The types of wireless encryption available (WEP, WPA, WPA2,and so forth) were discussed in Chapter 8, “Installing Wireless and SOHO Networks.” It’s important to remember that you should always enable encryption for any SOHO network that you may administer, and you should choose the strongest level of encryption you can work with.

Disabling SSID Broadcast

One method of “protecting” the network that is often recommended is to turn off the SSID broadcast. The access point is still there and can still be accessed by those who know of it, but it prevents those who are looking at a list of available networks from finding it. This should be considered a very weak form of security because there are still ways, albeit a bit more complicated, to discover the presence of the access point besides the SSID broadcast.

Enable MAC Filtering

Most APs offer the ability to turn on MAC filtering, but it is off by default. In the default state, any wireless client that knows of the existence of the AP can join the network. When MAC filtering is used, the administrator compiles a list of the MAC addresses associated with the users’ computers and enters them. When a client attempts to connect, an additional check of the MAC address is performed. If the address appears in the list, the client is allowed to join, otherwise they are forbidden from so doing. On a number of wireless devices, the term network lock is used in place of MAC filtering, and the two are synonymous.

Antenna and Access Point Placement

Antenna placement can be crucial in allowing clients to reach the access point. For security reasons, you do not want to overextend the reach of the network so that people can get onto the network from other locations (the parking lot, the building next door, and so on). Balancing security and access is a tricky thing to do.

There isn’t any one universal solution to this issue, and it depends on the environment in which the access point is placed. As a general rule, the greater the distance the signal must travel, the more it will attenuate, but you can lose a signal quickly in a short space as well if the building materials reflect or absorb it. You should try to avoid placing access points near metal (which includes appliances) or near the ground.
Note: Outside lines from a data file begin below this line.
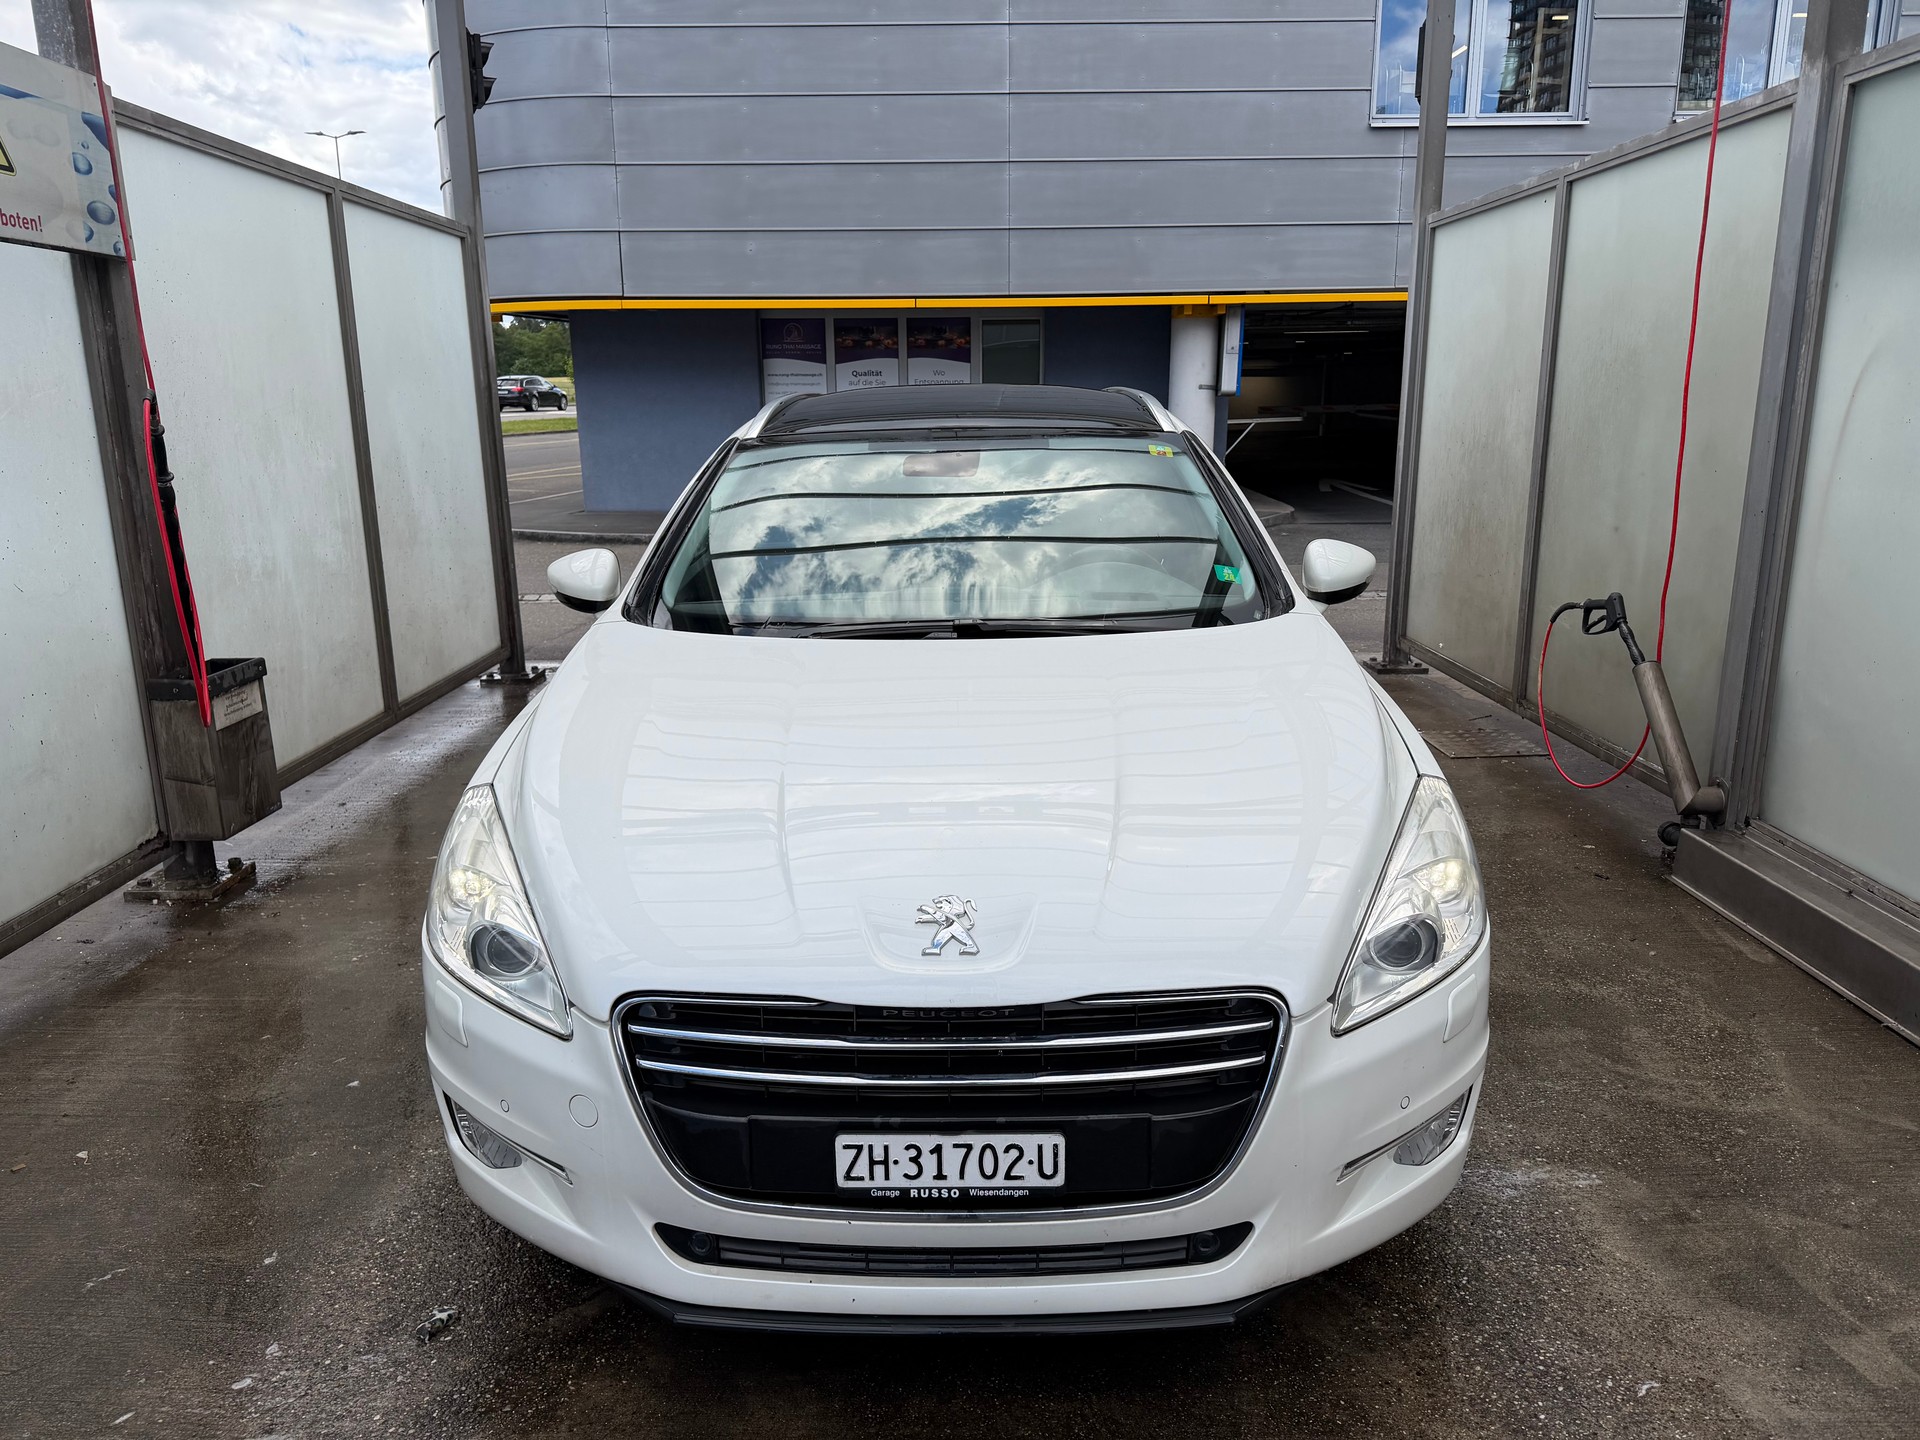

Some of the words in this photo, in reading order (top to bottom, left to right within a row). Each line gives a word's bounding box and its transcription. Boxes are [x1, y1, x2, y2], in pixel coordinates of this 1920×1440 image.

[882, 1008, 1015, 1018] PEUGEOT
[870, 1188, 900, 1197] Garage
[910, 1188, 960, 1198] RUSSO
[969, 1188, 1029, 1197] Wiesendangen
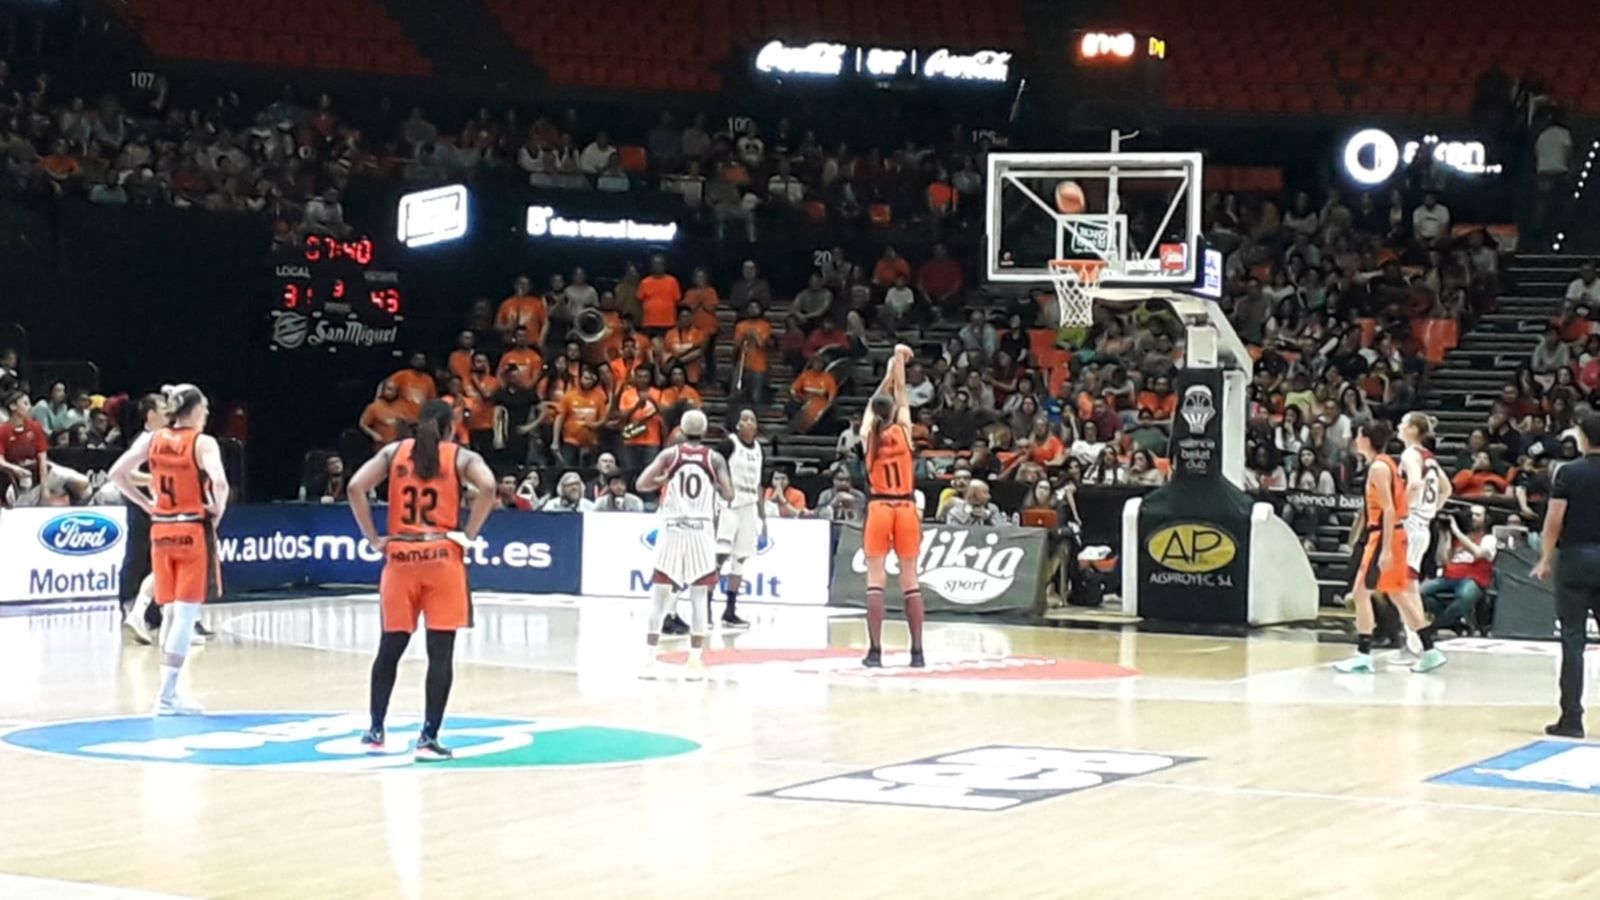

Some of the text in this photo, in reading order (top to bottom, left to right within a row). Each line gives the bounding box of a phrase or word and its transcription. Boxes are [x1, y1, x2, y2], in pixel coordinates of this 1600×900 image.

[130, 71, 155, 89] 107
[306, 236, 371, 264] 07:40
[276, 266, 311, 278] LOCAL
[370, 289, 399, 313] 43
[679, 470, 702, 499] 10
[883, 462, 901, 488] 11
[160, 476, 177, 507] 4
[401, 485, 438, 526] 32
[1286, 492, 1335, 507] valencia
[54, 516, 107, 548] Ford
[1161, 530, 1222, 565] AP
[29, 563, 117, 594] Montal
[944, 576, 988, 593] sport
They should be placed in the center of the area to be served and high enough to get around most obstacles.

Radio Power Levels

On the chance that the signal is actually traveling too far, some access points include power level controls that allow you to reduce the amount of output provided.
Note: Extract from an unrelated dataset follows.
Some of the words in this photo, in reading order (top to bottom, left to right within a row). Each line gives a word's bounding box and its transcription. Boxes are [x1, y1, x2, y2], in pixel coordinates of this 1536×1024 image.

Assign Static IP Addresses

While DHCP can be a godsend, a SOHO network is small enough that you can get by without it issuing IP addresses to each host. The advantage to assigning the IP addresses statically is that you can make certain which host is associated with which IP address and then utilize filtering to limit network access to only those hosts.

WPS

WPS (Wi-Fi Protected Setup) can help secure the network by requiring new machines to do something before they can join the network. This often requires the user to perform an action in order to complete the enrollment process: press a button on the router within a short time period, enter a PIN number, or bring the new device close-by (so that near field communication can take place).
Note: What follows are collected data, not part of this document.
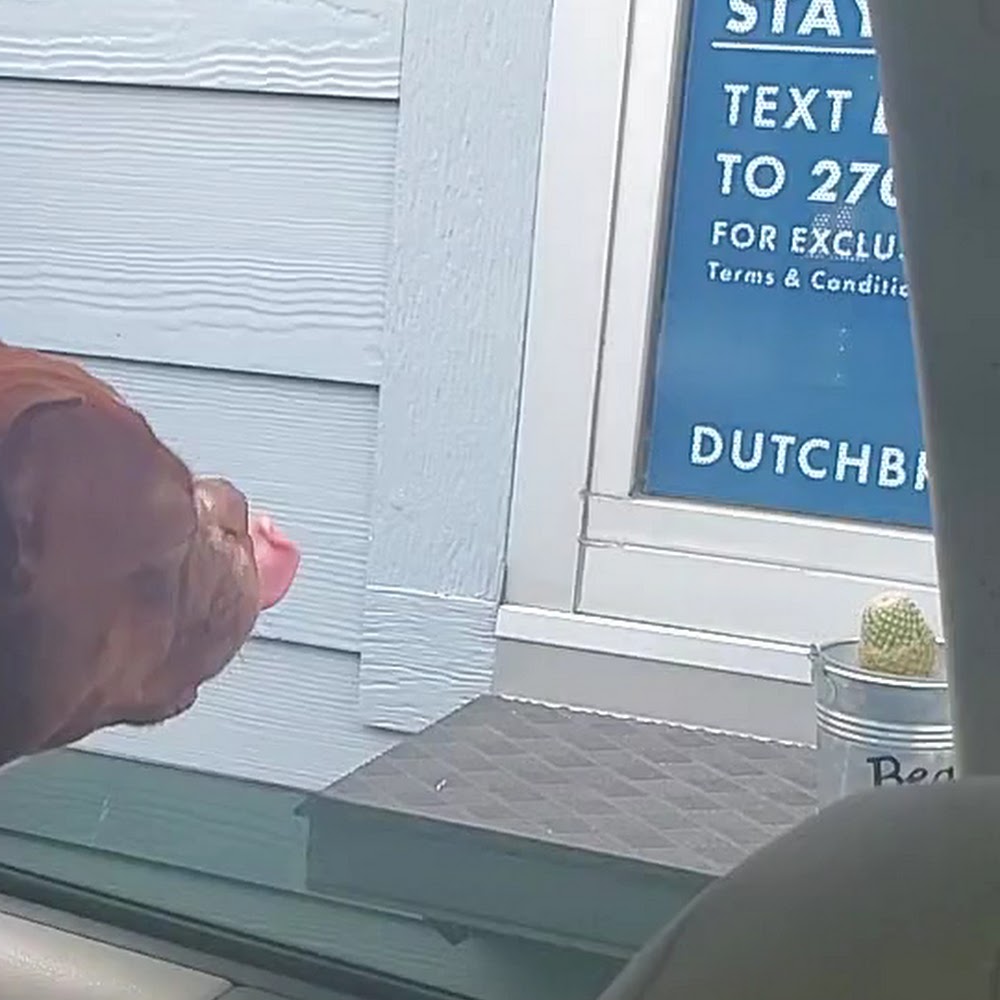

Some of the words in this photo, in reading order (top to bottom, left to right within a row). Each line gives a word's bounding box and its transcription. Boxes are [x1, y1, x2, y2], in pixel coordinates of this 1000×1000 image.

[723, 83, 852, 132] TEXT
[716, 153, 786, 198] TO
[711, 220, 777, 251] FOR
[790, 226, 905, 260] EXCLU
[707, 261, 775, 286] Terms
[784, 268, 800, 288] &
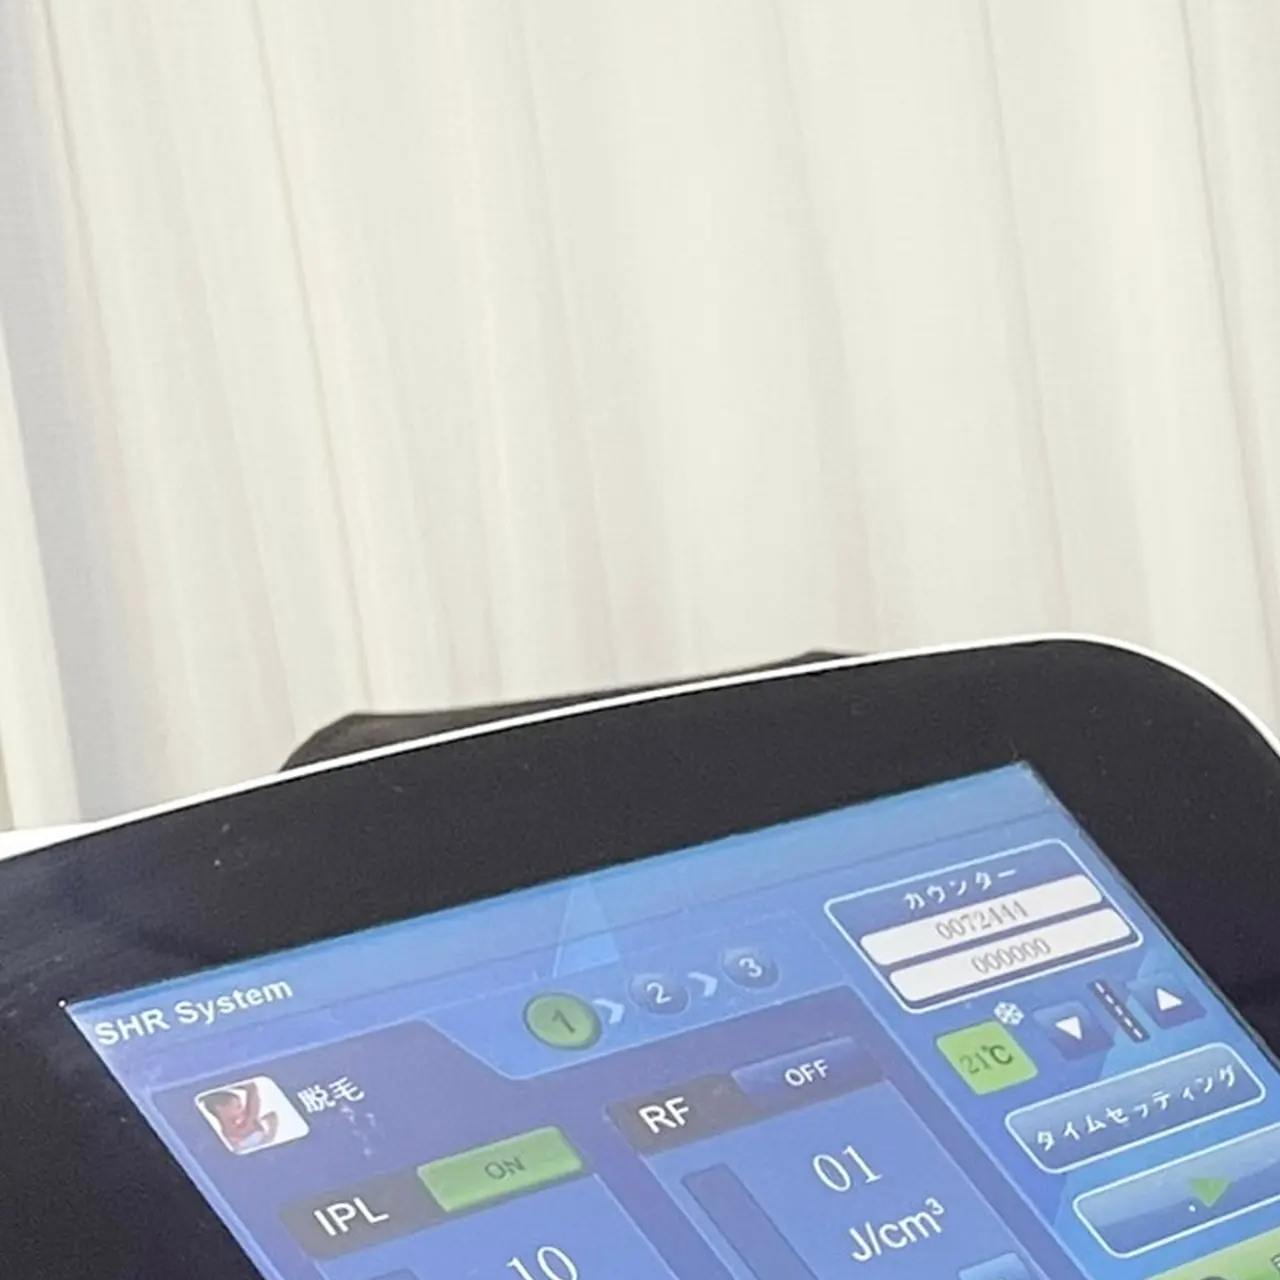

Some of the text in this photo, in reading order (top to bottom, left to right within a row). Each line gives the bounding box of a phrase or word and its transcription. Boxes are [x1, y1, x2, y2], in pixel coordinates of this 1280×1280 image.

[904, 869, 1017, 910] カウンター
[94, 980, 293, 1046] SHR System
[551, 957, 763, 1034] 1 2 3
[297, 1077, 365, 1113] 脱毛
[638, 1058, 829, 1133] RF OFF
[1036, 1064, 1237, 1151] タイムセッティング
[313, 1155, 527, 1237] IPL ON
[813, 1144, 883, 1193] 01
Securing a SOHO Network (Wired)

While a wired network can be more secure than a wireless one, there are still a number of procedures that you should follow to leave as little to chance as possible. Among them, change the default usernames and passwords to different values and secure the physical environment. You should also disable any ports that are not needed, assign static IP addresses, and use MAC filtering to limit access only to those hosts that you recognize.

Change Default Usernames and Passwords

Make sure the default password is changed after the installation of any network device. Failure to do so leaves that device open for anyone recognizing the hardware to access it using the known factory password.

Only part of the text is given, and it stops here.